1. Mensagem de Carlos Matos Gomes, Coronel Cavalaria Reformado
(ex-2.º CMDT Batalhão de Comandos da Guiné, 1972/74), escritor e
historiógrafo da guerra colonial, chegada até nós através do nosso confrade Mário Beja Santos:
Meus caros,
Tendo o prazer de fazer parte da vossa lista dos contactos e de receber através deles textos que me vão mantendo informado, cabe-me hoje enviar um da minha autoria.
Este texto tem duas causas, a primeira é a de que o tema do colonialismo, da descolonização esteve sempre presente com maior ou menor intensidade na minha obra como romancista.
O romance que acabei de publicar - deve estar a chegar às livrarias -
"A Última Viúva de África" - aborda-o e fá-lo, julgo, numa perspectiva de reflexão de fim de vida. De interrogação: e se afinal o que tenho dito e o que me têm dito não for e não tiver sido assim? Se o Movimento Descolonizador foi um imenso logro?
Por outro lado têm surgido na imprensa textos sobre o tema, da Fernanda Câncio no DN e de Pedro Schacht Pereira no Público que me parecem um digest de vulgaridades.

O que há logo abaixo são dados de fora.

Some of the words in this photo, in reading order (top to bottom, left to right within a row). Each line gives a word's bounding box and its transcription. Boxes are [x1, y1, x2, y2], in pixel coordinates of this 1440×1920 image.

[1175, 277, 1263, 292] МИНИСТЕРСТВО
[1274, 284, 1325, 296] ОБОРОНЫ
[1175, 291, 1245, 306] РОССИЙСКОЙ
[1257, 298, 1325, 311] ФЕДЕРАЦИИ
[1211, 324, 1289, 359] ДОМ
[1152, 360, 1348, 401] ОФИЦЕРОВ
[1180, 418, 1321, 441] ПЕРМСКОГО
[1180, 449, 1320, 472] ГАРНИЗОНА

Este texto reflete o que escrevi no livro e investe contra o que julgo serem lugares comuns.
Junto segue também o convite para a apresentação do livro.

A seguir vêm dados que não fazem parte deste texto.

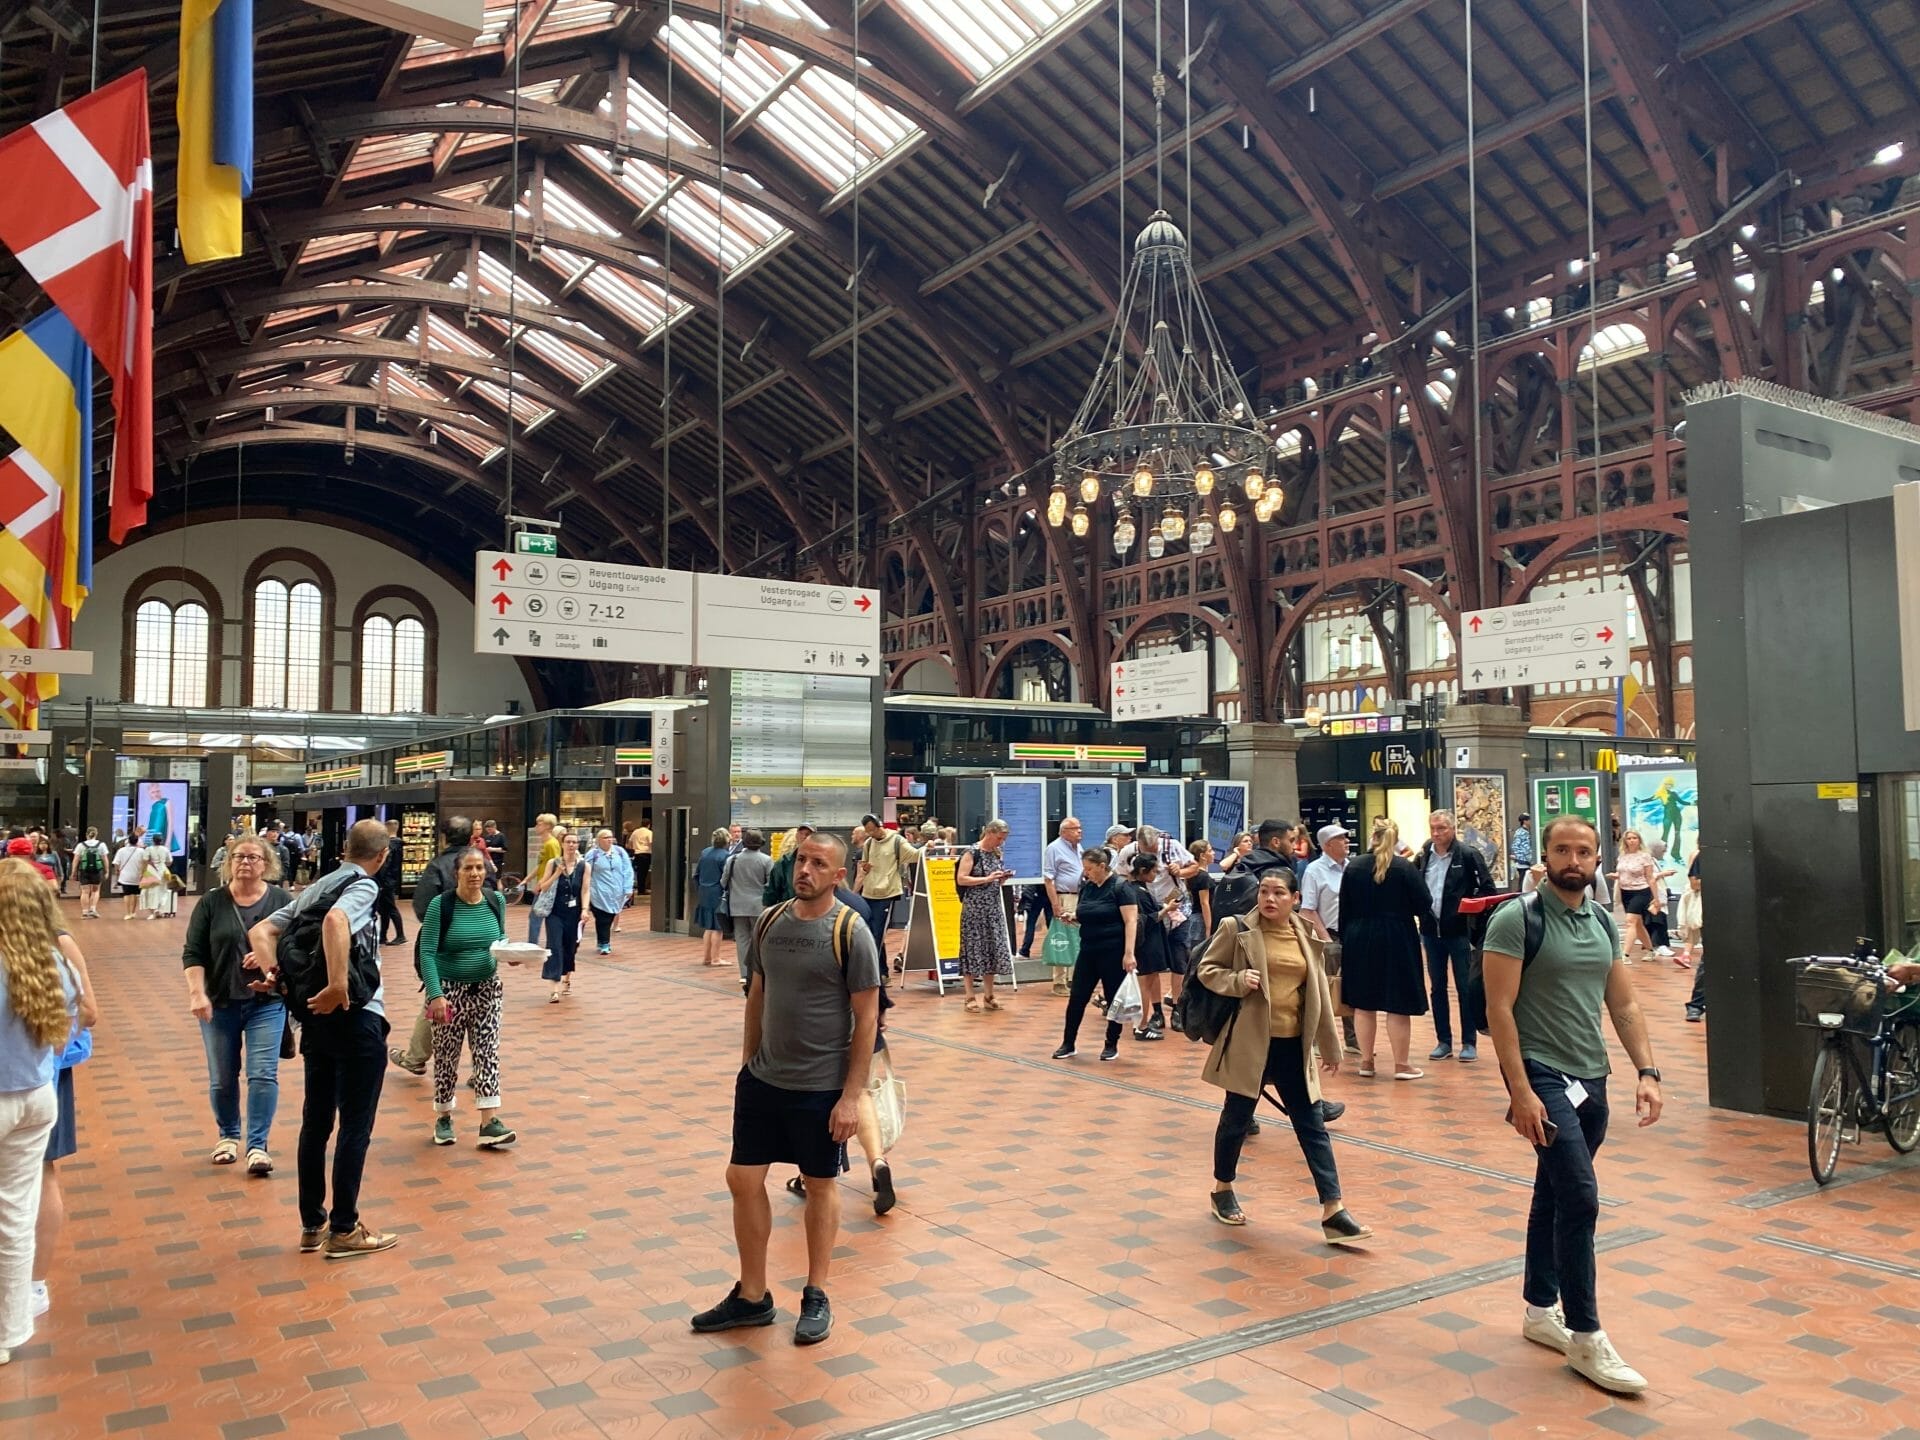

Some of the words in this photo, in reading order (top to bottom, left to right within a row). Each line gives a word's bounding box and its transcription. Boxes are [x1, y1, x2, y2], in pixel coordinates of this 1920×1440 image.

[589, 568, 666, 584] Reventlowsgade
[589, 580, 625, 592] Udgang
[760, 585, 821, 598] Vesterbrogade
[760, 596, 792, 607] Udgang
[588, 603, 625, 619] 7-12
[1512, 604, 1566, 617] Vesterbrogade
[1512, 617, 1540, 627] Udgang
[9, 655, 32, 665] 7-8
[661, 718, 667, 726] 7
[661, 738, 667, 746] 8

A descolonização é um absurdo
Por Carlos Matos Gomes
Este é um texto do romancista Carlos Vale Ferraz, porque foi através de um romance do Carlos Vale Ferraz, a
“Última Viúva de África” que desenvolvi a ideia do absurdo da descolonização, ou da descolonização como um conceito absurdo. Um absurdo não no sentido de “desagradável ao ouvido”, o seu primeiro significado, mas no sentido de contrário à razão.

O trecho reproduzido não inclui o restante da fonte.